University of Chicago

For High Holy Days coverage, consider a look at major Jewish thinker -- Leon Kass

For High Holy Days coverage, consider a look at major Jewish thinker -- Leon Kass

If you’re scouting for a feature pegged to Judaism’s High Holy Days that begin at sundown Sept. 9, consider a high-end piece profiling what they used to call a “public intellectual,” now often thought to be a dying breed.

The Religion Guy is thinking of Jewish philosopher Leon R. Kass and his recent book “Leading a Worthy Life: Finding Meaning in Modern Times” (Encounter), certainly a timely Holy Days theme. These essays are lauded in National Review as “a crowning achievement” that caps this polymath’s decades of reflection. Topics include love and courtship, friendship, the Internet, biotechnology and scientific peril, death and mercy-killing, and of course religion.

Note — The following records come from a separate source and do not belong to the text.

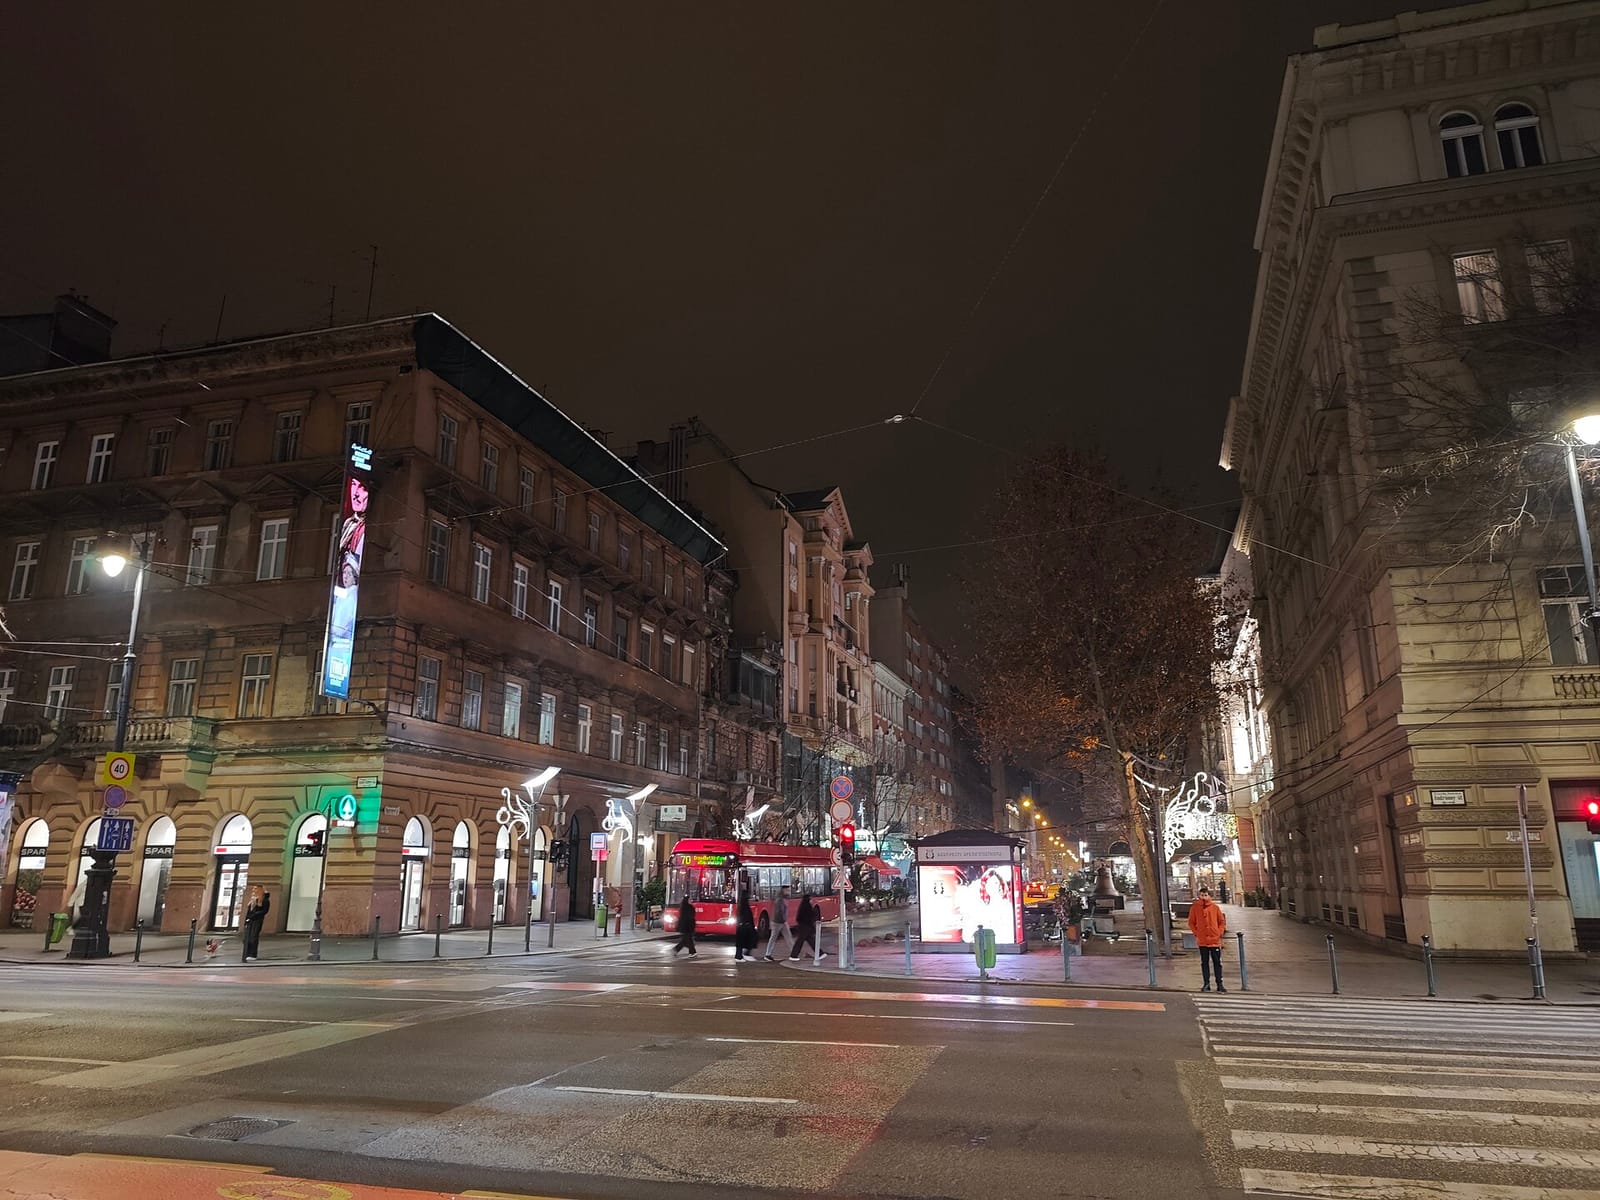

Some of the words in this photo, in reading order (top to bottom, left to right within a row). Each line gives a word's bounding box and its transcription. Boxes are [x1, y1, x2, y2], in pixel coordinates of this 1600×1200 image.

[114, 764, 125, 774] 40
[21, 848, 46, 856] SPAR
[144, 847, 172, 855] SPAR
[681, 855, 691, 865] 70
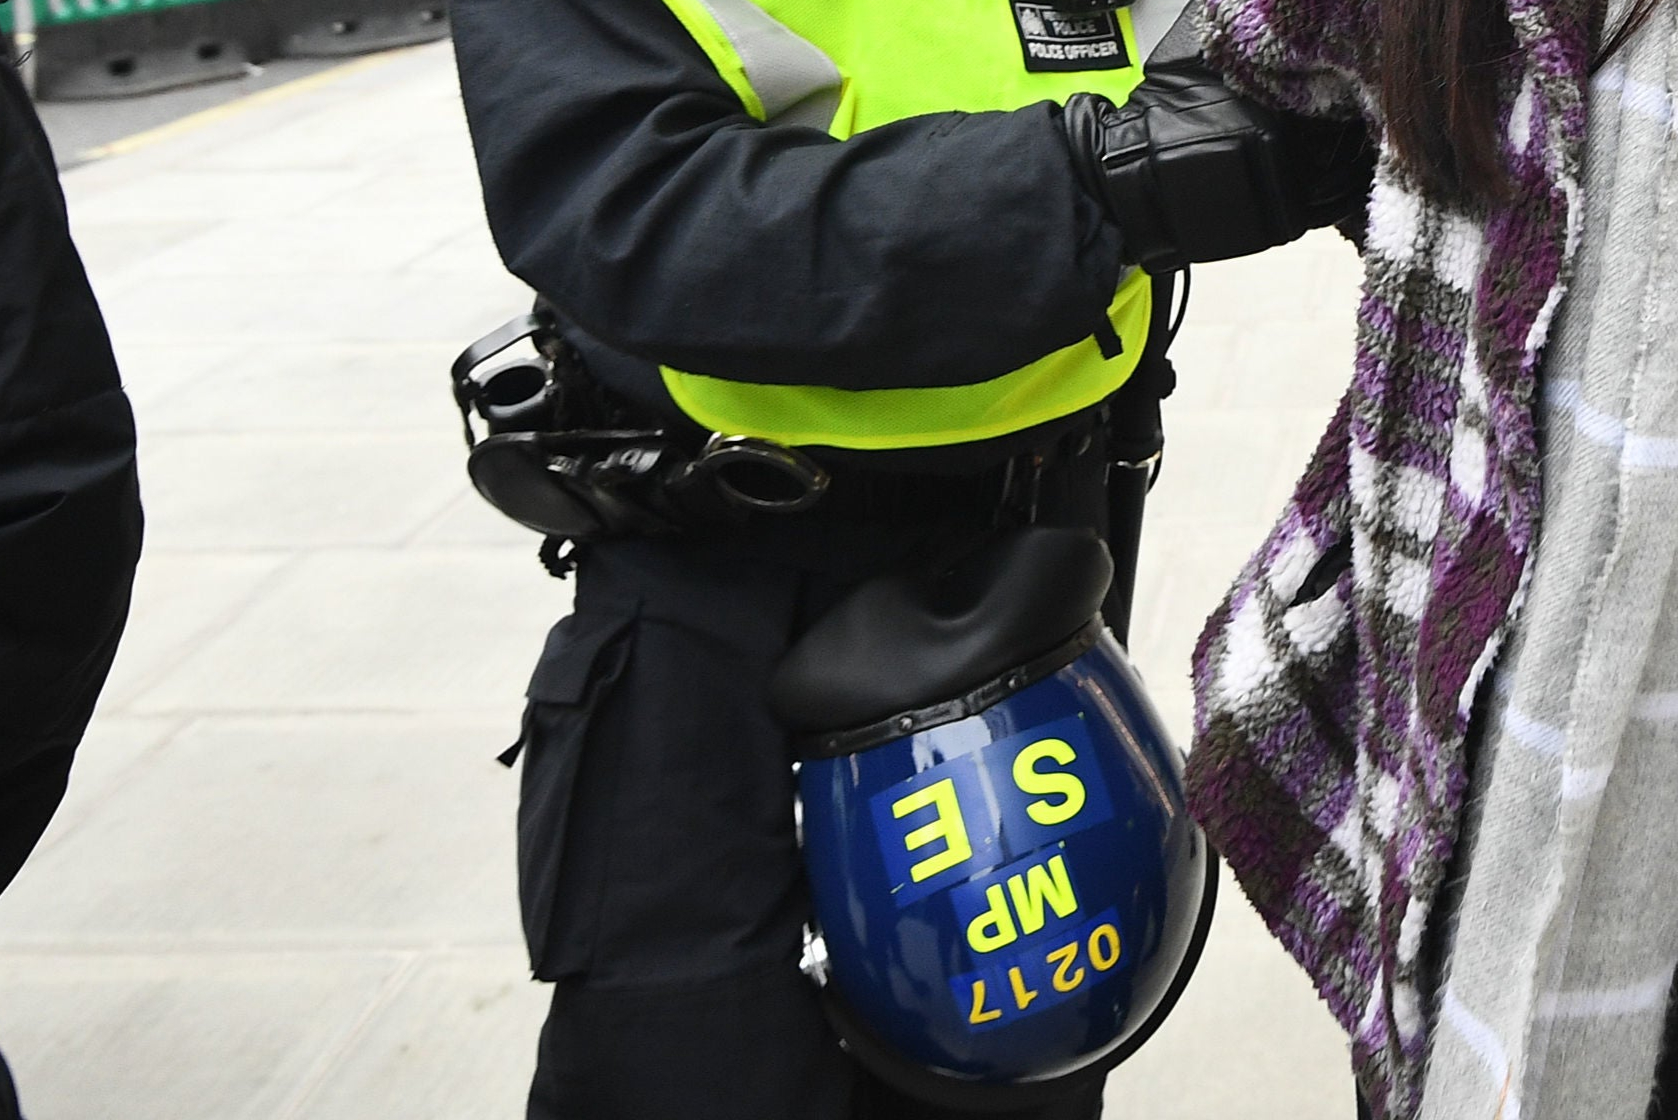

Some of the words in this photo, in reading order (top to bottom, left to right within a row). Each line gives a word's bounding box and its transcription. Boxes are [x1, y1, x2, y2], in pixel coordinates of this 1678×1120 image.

[1027, 42, 1065, 60] POLICE
[1064, 40, 1119, 60] OFFICER
[966, 854, 1079, 954] MP
[968, 923, 1121, 1025] 0217

The 72-year-old retiree long taught at the University of Chicago’s elite Committee on Social Thought, where he pursued the book’s title mostly through analyzing literary classics. Though he’s not a credentialed Bible scholar, he added  years of informal student seminars and then a not-for-credit course on the biblical Book of Genesis. His approach is unorthodox, indeed un-Orthodox.

The result was “The Beginning of Wisdom: Reading Genesis” (Free Press, 2003), praised by Kirkus Reviews as “wonderfully intelligent.” Rather than focusing on matters of faith that are central for Bible believers, Kass’s philosophical approach asks us to ponder what ancient Jewish tradition provides for modern-day justice, sanity and contentment. That feeds into his other writings that seek human happiness through recovery of the West’s old-fashioned values and verities.

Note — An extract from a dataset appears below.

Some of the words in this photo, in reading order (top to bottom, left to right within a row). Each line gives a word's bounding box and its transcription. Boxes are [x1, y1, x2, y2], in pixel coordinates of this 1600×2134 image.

Kass says he was raised in a Yiddish-speaking but “strictly secular home without contact with scripture.” There’s considerable unexplained turf an interviewer could pursue regarding Kass’s own personal belief and practice, and whether and how the specifically religious aspect of the Jewish heritage might remain relevant in the 21st Century. 

The National Endowment for the Humanities (NEH) posts a good essay about Kass that can guide journalists. A bit of the basic bio: Kass earned bachelor’s and medical degrees at the University of Chicago, where he met his late wife and intellectual collaborator Amy, and then migrated to Harvard for a second doctorate in biochemistry.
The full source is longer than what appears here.